Cioè a dire, che in tale paradigma politico economico a sussistere è solo “l’illusione di una società di servizi” come esito ulteriore dell’odierna crociata neoliberista. Ritengo fondamentale che tale prospettiva non sfugga come invece constato continui a essere rimossa. Ne va della stessa efficacia di iniziative che vorrebbero modificare l’attuale stato delle cose. Innanzitutto della “CURA” e non di letti e di sistemi di controllo e sicurezza come lo stesso Peppe sottolinea. Riparlarne implica tener presente il seguente grappolo di 

fatti:

– l’attuale tavolo convocato dal ministro Schillaci al Ministero della sanità è compattamente presidiato da esponenti di quella “psichiatria” cui non si addice una cultura e una sensibilità di cui è fatta la cosiddetta “salute mentale”; essendo invece presente a quel tavolo “quella psichiatria fatta di slide, istogrammi,metanalisi, di dittatura del “consenso” tutta incapsulata nel paradigma neopositivista bio-molecolare;

-dell’altra figura apicale, la presidente della “S.I.P” , invito ad ascoltare una sua recente intervista sul blog di Francesco Bollorino “P.O.L .it” per chiarirsi ulteriormente circa la direzione di cio’ che intendono costoro per “CURA”.
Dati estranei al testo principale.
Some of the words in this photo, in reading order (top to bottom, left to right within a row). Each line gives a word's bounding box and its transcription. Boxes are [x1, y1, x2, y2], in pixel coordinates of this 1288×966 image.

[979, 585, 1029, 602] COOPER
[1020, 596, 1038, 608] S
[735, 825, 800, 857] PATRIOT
– sarebbe molto  interessante discutere di quello che Mario Maj,rifacendosi all’epistemologo Thomas Khun, va predicando: che la psichiatria, fallito il paradigma kraepeliniano, dice proprio “fallito”, si trova in una fase post-paradigmatica, ovvero di “scienza rivoluzionaria”; affermare ciò significa che la psichiatria non si può più ritenere, sic et simpliciter, una specialità medica senza complessità peculiari e senza problematizzazioni. Perché tutto ciò emerge dalla convegnistica e dalle specializzazioni universitarie. Solo questo. Eppure, questi rilievi vengono dal “past president”  della W.P.A, non lo dico io. Così come non ho la sensazione che a quel tavolo ministeriale sia rappresentata una “scienza post-paradigmatica”. Piuttosto una pseudo scienza tronfia delle presunte magnifiche sorti e progressive. Una psichiatria delle “suggestioni” farciti di fake news. 
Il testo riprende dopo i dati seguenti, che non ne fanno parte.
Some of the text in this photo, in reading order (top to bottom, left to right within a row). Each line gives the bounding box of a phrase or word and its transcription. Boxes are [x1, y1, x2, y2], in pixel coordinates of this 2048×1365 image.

Si sarà capaci di “aprire uno spazio di discussione” a livello  delle istituzioni governative e dei ruoli apicali delle società scientifiche per confrontarsi su quello che è il reale stato delle cose?
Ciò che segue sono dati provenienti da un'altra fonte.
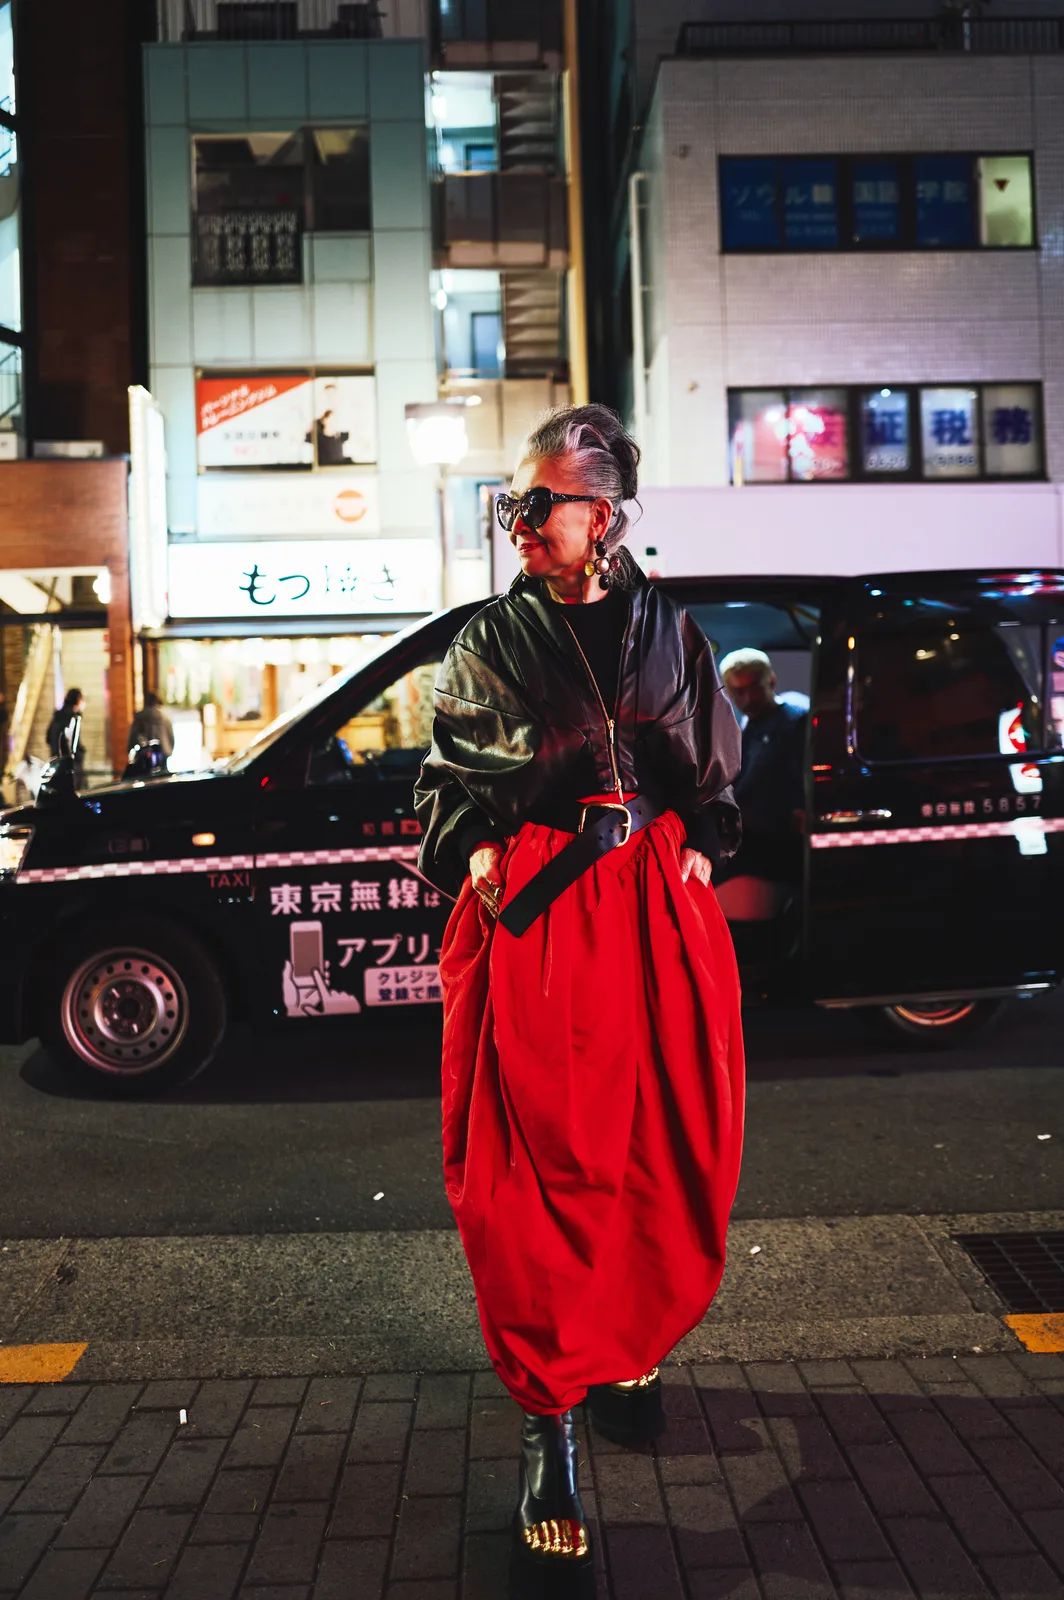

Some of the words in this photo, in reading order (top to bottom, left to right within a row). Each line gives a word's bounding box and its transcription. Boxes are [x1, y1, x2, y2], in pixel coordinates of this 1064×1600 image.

[982, 794, 1043, 814] 5857
[207, 872, 250, 889] TAXI
[336, 933, 441, 968] アプリ
Anche senza lasciarci andare al “lamento istituzionale”…

Ritengo  che una società democratica moderna, un’opinione pubblica matura, queste cose debba saperle bene e debba introiettarle come “cultura condivisa”; che quanto è depositato su quel tavolo ministeriale , accolto dal ministro e veicolato dall’accademia, è falso ed è profondamente sbagliato.

Ce lo spiega con grande chiarezza Imre Lakatos: ” la storia della scienza è  stata e dovrebbe essere una storia di programmi di ricerca, di pratiche e di paradigmi in competizione tra loro, ovvero che proprio il dibattito, la critica, la competizione tra metodi e pratiche, configurano quel dinamismo che, oggi, è  del tutto assente all’interno della “cittadella accademica”.

Se ci pensiamo bene, ( e andrebbe “ricordato ” agli occupanti i due lati del tavolo ministeriale…) sono solo i maghi, le fattucchiere e gli imbonitori che “non dibattono mai”.

Credo sia questo l’unico modo per creare una coscienza collettiva sui meccanismi reali con cui avviene il progresso scientifico. Sicché sappiamo, in tal modo, “chi/cosa” sia “il convitato di pietra a quel tavolo…

Condividere collettivamente queste verità credo sia l’unico modo per “vaccinare il popolo” contro il ritorno dell’oscurantismo, ormai montante  e tracimato ben oltre i saturi pronto soccorso e reso poco più che baraccopoli i cosiddetti ” servizi”.